Phrase grounding data
----------------

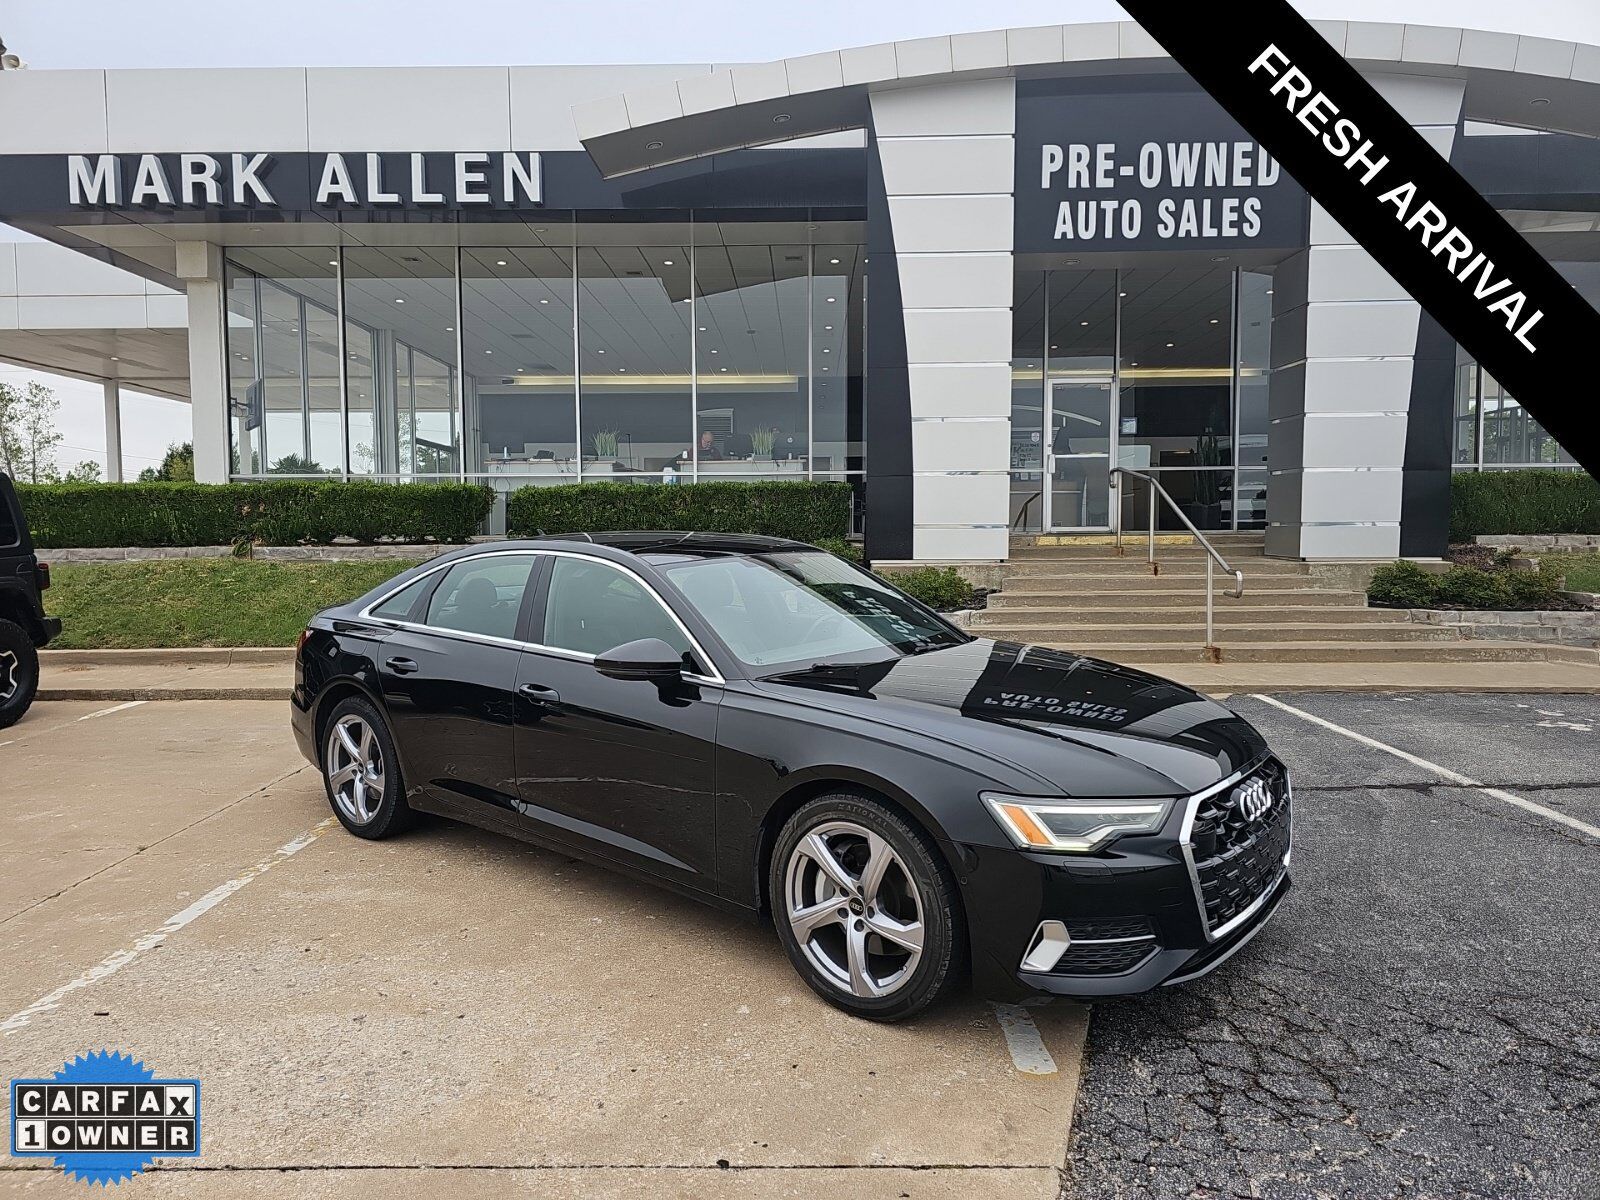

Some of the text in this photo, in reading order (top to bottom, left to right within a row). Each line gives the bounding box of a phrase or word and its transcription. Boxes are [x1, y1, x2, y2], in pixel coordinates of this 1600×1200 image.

[68, 152, 543, 206] MARK ALLEN
[1041, 142, 1280, 189] PRE-OWNED
[1054, 197, 1262, 240] AUTO SALES
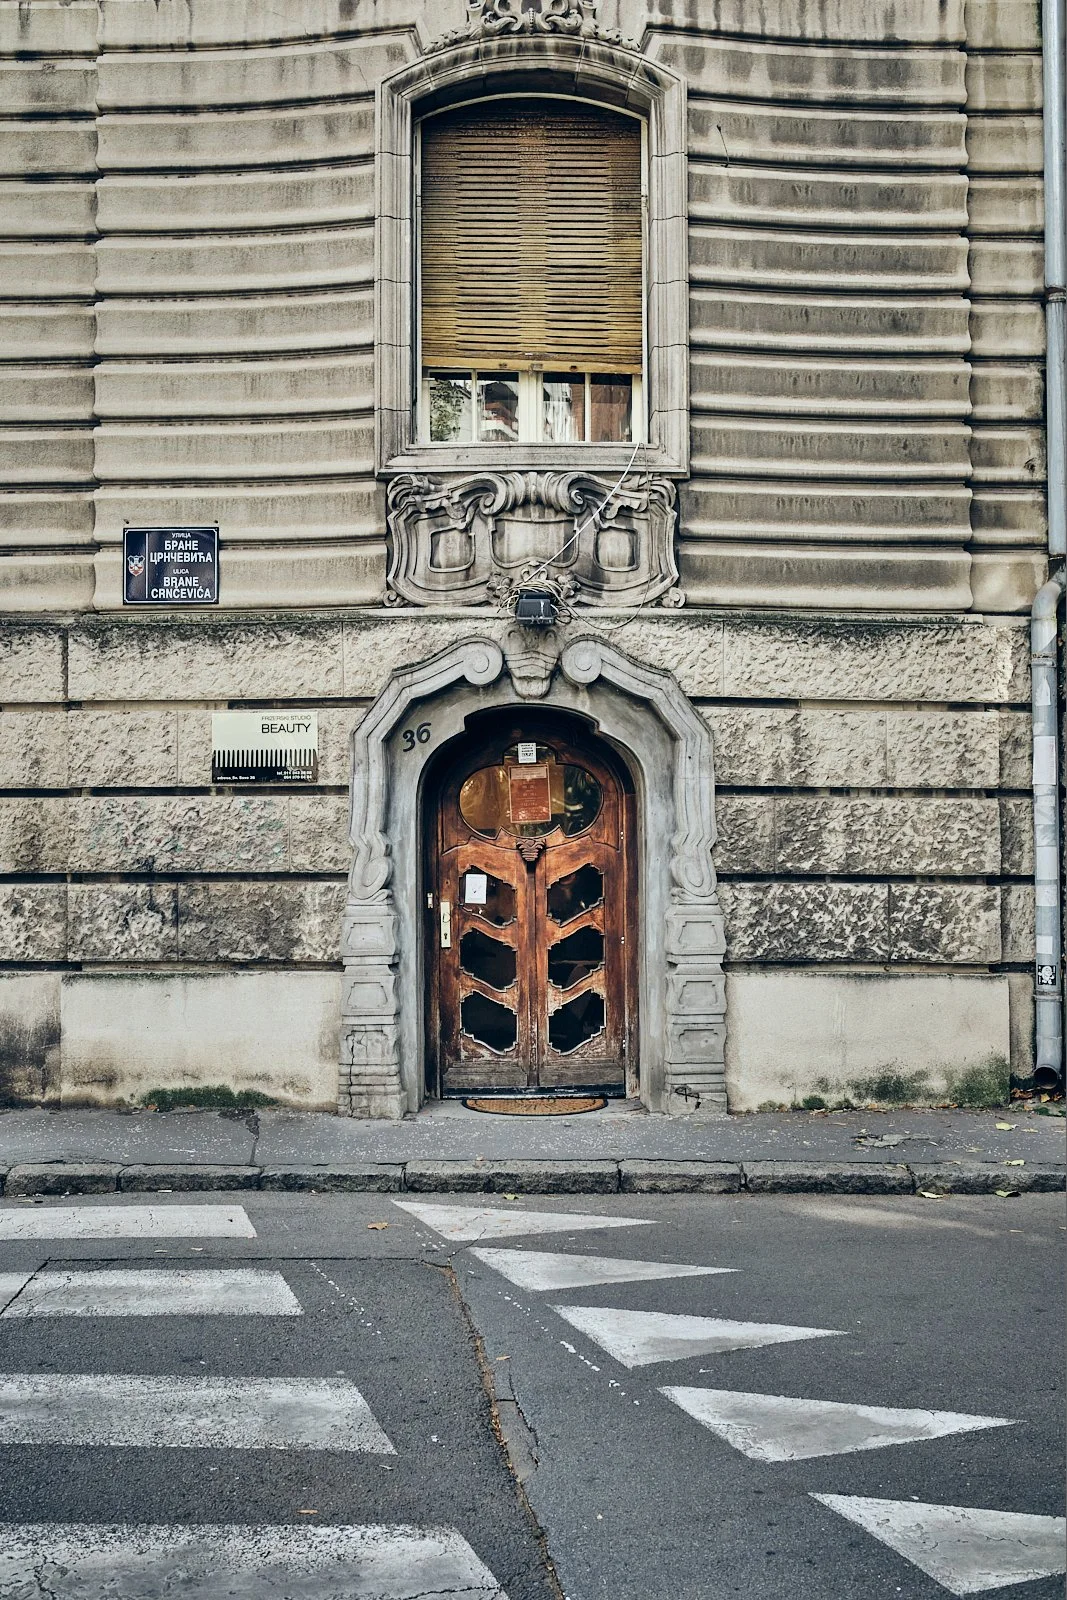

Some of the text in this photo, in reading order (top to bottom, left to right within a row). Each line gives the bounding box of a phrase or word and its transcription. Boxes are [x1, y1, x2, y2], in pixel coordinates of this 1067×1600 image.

[164, 540, 199, 550] БРАНЕ
[150, 552, 212, 565] ЦРНЧЕВИЋА
[164, 576, 199, 586] BRANE
[151, 586, 211, 598] CRNČEVIĆA
[261, 723, 311, 734] BEAUTY
[402, 722, 432, 752] 36
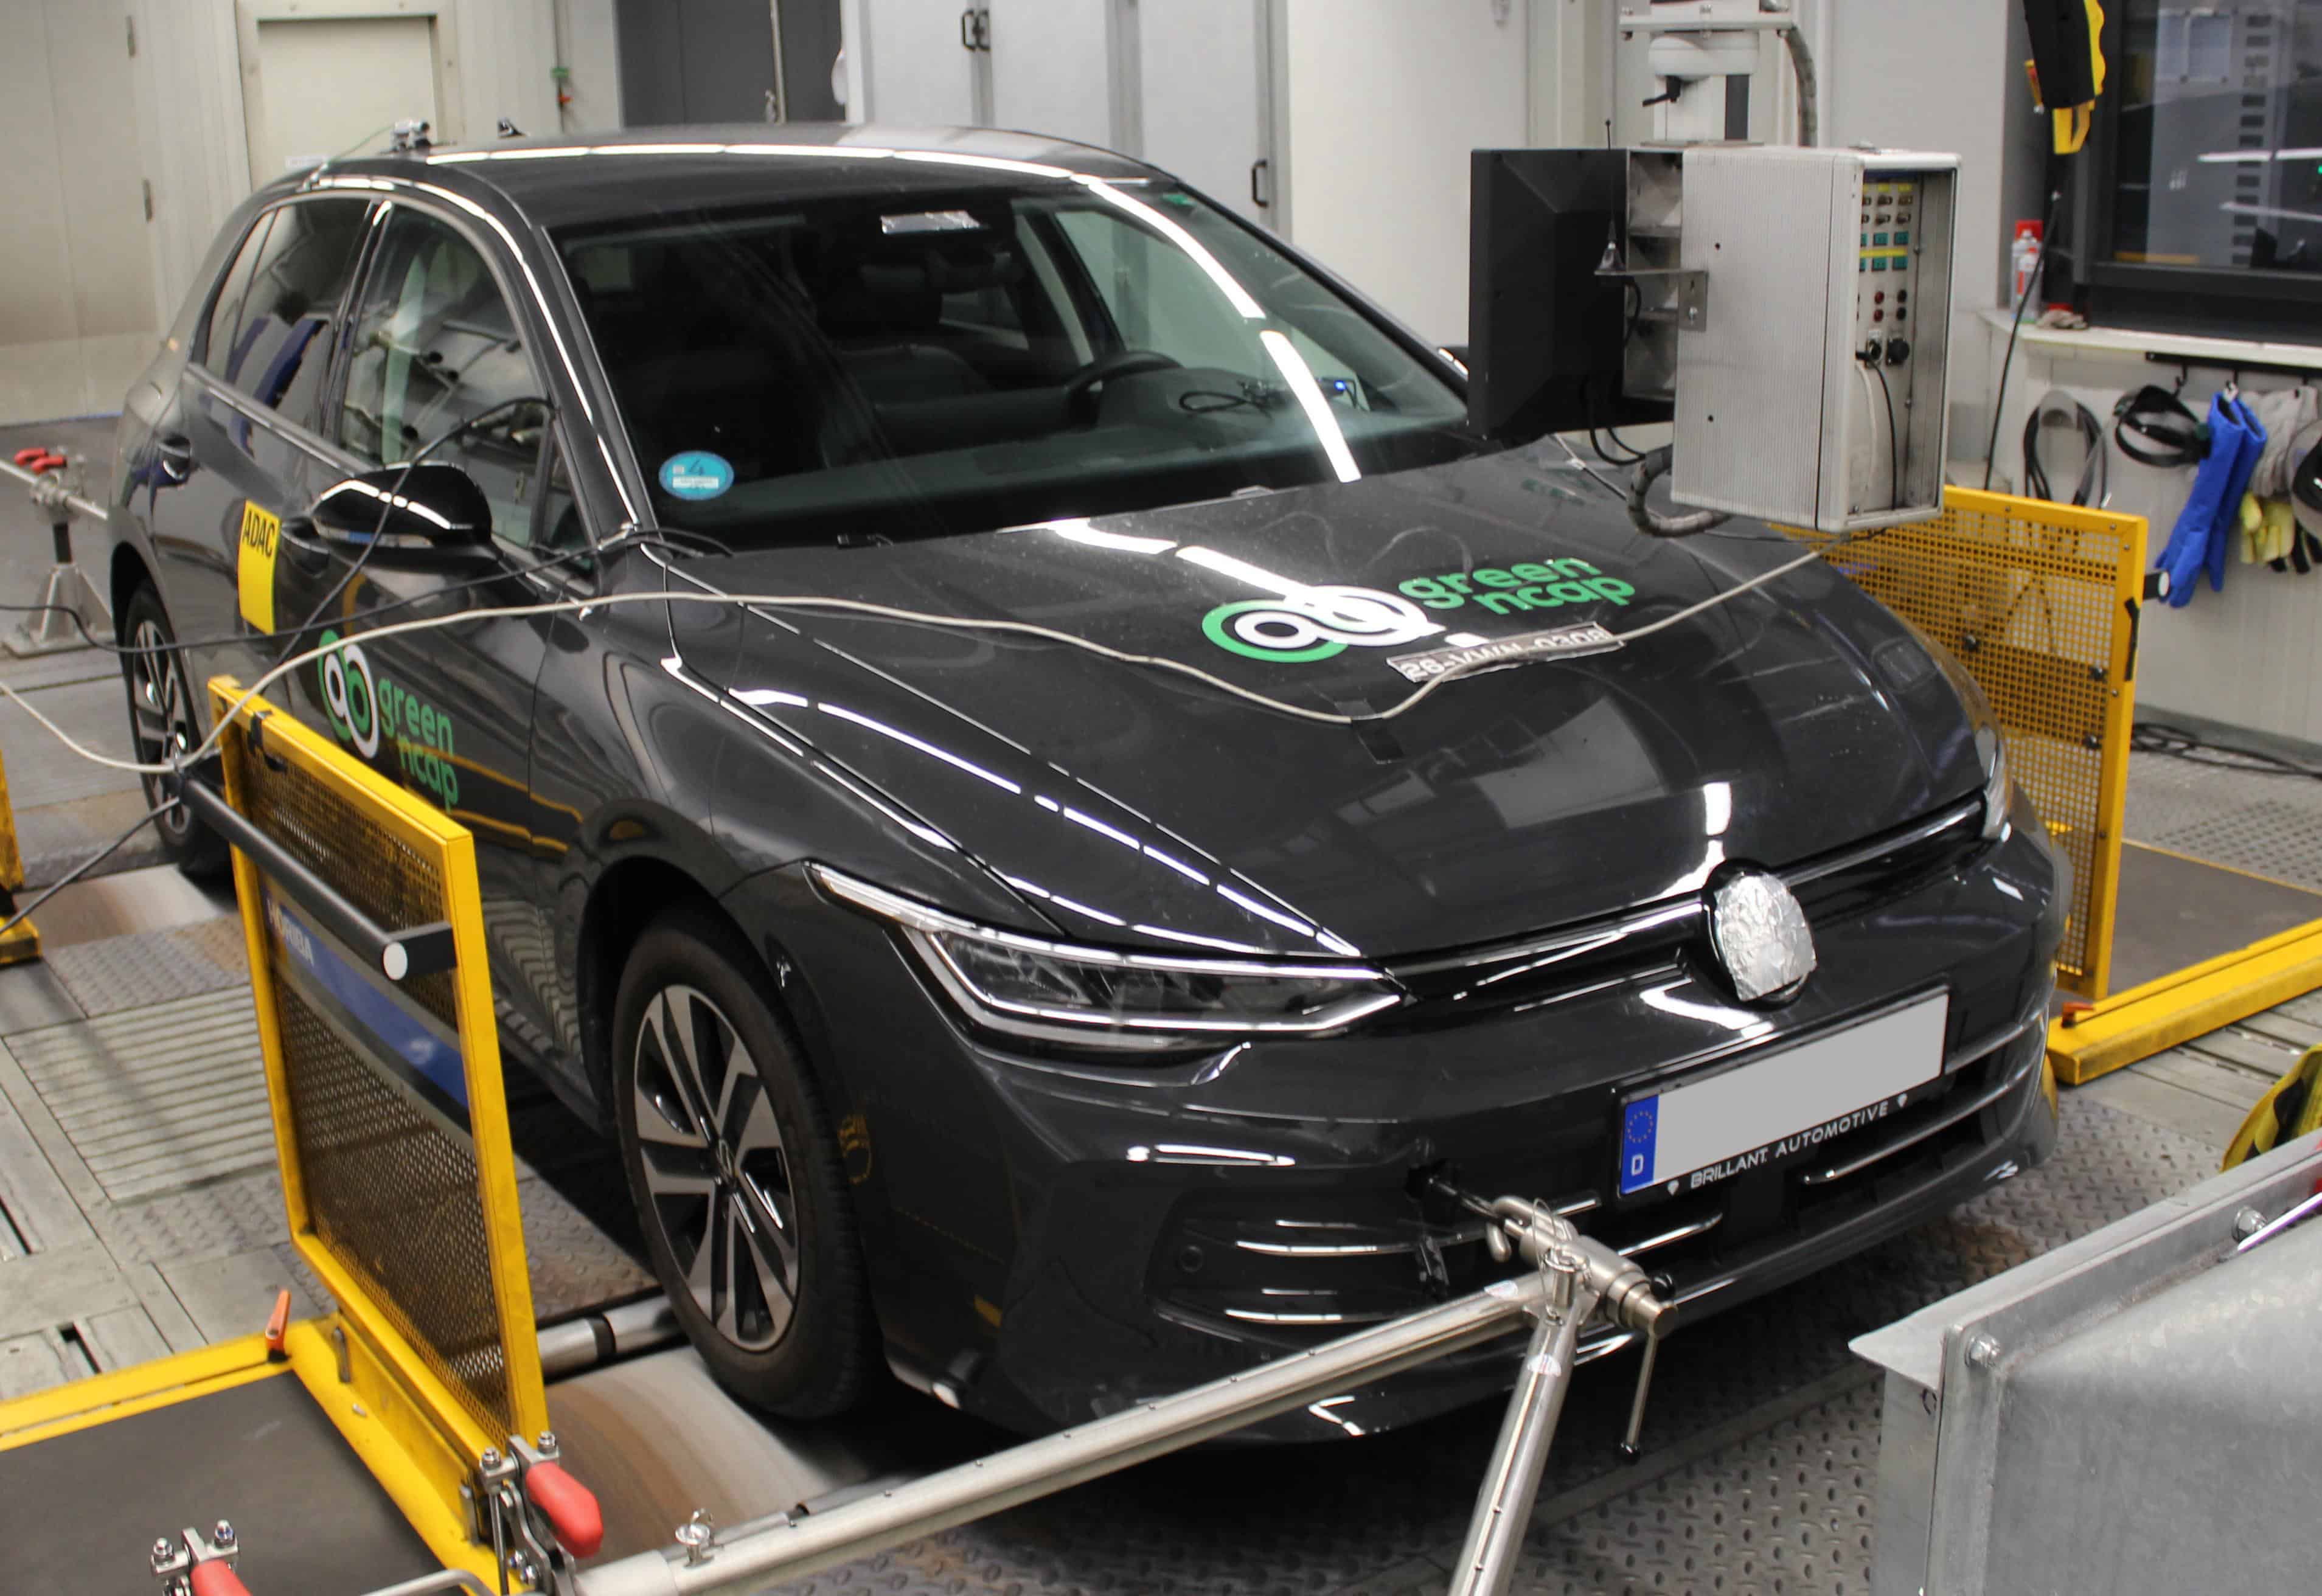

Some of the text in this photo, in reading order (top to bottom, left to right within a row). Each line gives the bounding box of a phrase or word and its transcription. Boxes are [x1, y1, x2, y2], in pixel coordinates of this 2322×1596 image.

[243, 510, 276, 558] ADAC
[1399, 558, 1602, 609] green
[1472, 577, 1636, 614] ncap
[378, 676, 454, 758] green
[397, 732, 459, 814] ncap
[1775, 1100, 1889, 1159] AUTOMOTIVE
[1631, 1153, 1644, 1176] D

----------------

Exercise: Beginning at the line that contains "this 1067×1600 image.", transcribe it and every later line through the last line of the data above, exactly, and drop the pictures.

Written reply:
Some of the text in this photo, in reading order (top to bottom, left to right within a row). Each line gives the bounding box of a phrase or word and its transcription. Boxes are [x1, y1, x2, y2], in pixel coordinates of this 1067×1600 image.

[164, 540, 199, 550] БРАНЕ
[150, 552, 212, 565] ЦРНЧЕВИЋА
[164, 576, 199, 586] BRANE
[151, 586, 211, 598] CRNČEVIĆA
[261, 723, 311, 734] BEAUTY
[402, 722, 432, 752] 36

Some of the text in this photo, in reading order (top to bottom, left to right within a row). Each line gives the bounding box of a phrase or word and its transcription. Boxes are [x1, y1, x2, y2], in pixel coordinates of this 2322×1596 image.

[243, 510, 276, 558] ADAC
[1399, 558, 1602, 609] green
[1472, 577, 1636, 614] ncap
[378, 676, 454, 758] green
[397, 732, 459, 814] ncap
[1775, 1100, 1889, 1159] AUTOMOTIVE
[1631, 1153, 1644, 1176] D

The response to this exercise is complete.